[Data records]

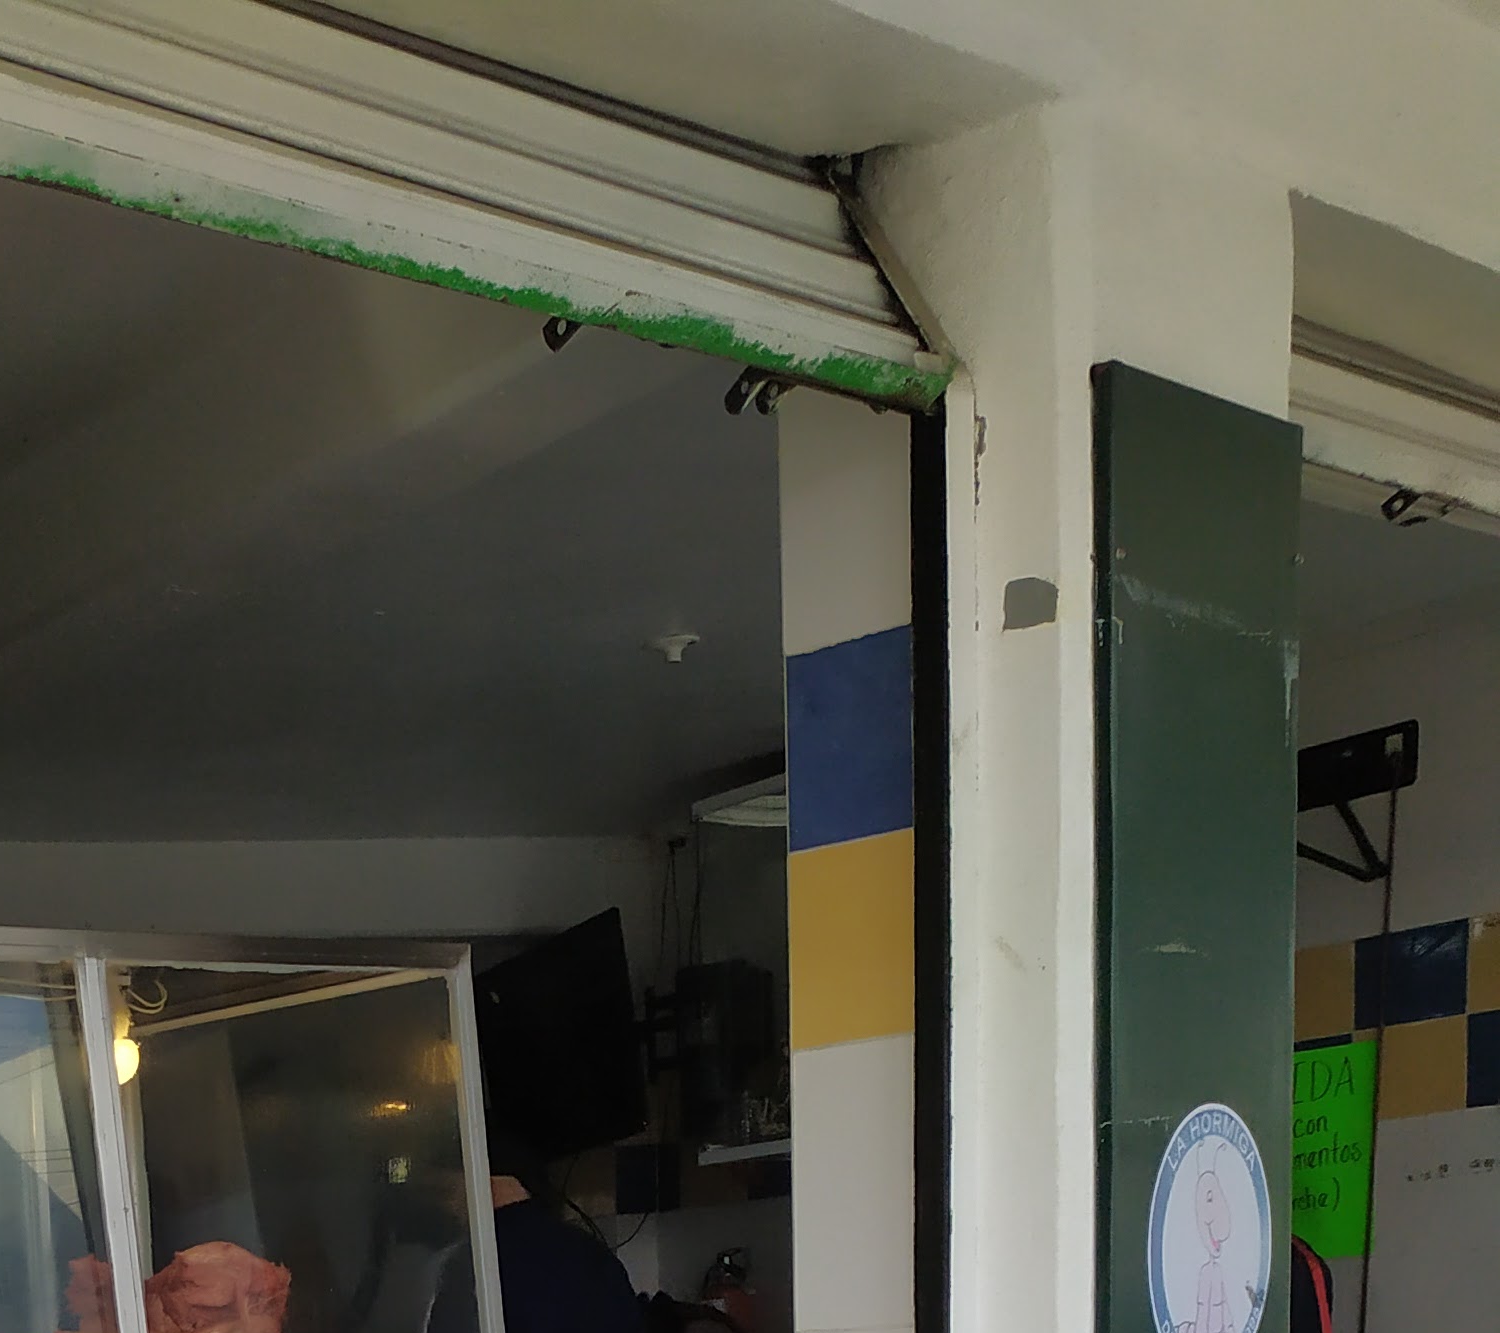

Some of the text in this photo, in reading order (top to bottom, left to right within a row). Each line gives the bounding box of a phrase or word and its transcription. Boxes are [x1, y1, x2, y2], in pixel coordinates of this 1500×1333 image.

[1167, 1110, 1256, 1172] LA HORMIGA
[1293, 1115, 1328, 1138] con
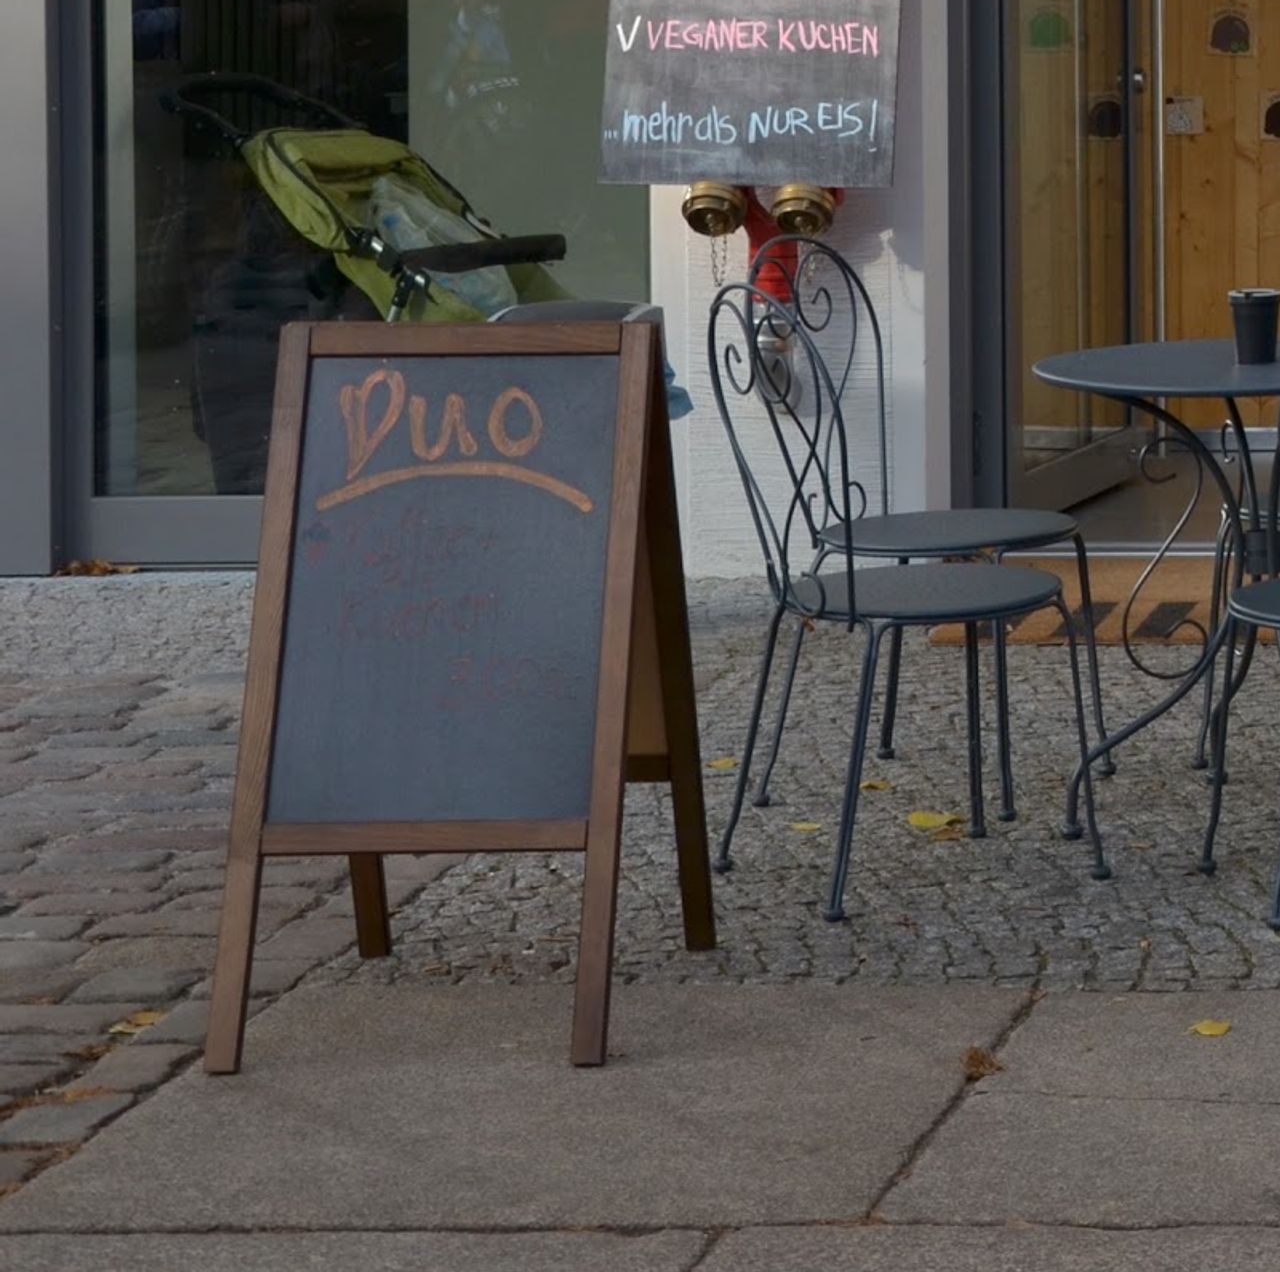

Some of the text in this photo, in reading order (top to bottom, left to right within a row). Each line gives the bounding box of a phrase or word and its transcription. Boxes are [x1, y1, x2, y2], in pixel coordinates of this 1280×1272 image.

[648, 18, 879, 58] VEGANER KUCHEN
[695, 106, 737, 144] als
[749, 105, 815, 144] NUR

### The problem
Return every line of the records exactly as given, pictures excluded.

### The completed task
Some of the text in this photo, in reading order (top to bottom, left to right within a row). Each line gives the bounding box of a phrase or word and its transcription. Boxes are [x1, y1, x2, y2], in pixel coordinates of this 1500×1333 image.

[1167, 1110, 1256, 1172] LA HORMIGA
[1293, 1115, 1328, 1138] con

Some of the text in this photo, in reading order (top to bottom, left to right within a row). Each line gives the bounding box of a phrase or word and its transcription. Boxes are [x1, y1, x2, y2], in pixel coordinates of this 1280×1272 image.

[648, 18, 879, 58] VEGANER KUCHEN
[695, 106, 737, 144] als
[749, 105, 815, 144] NUR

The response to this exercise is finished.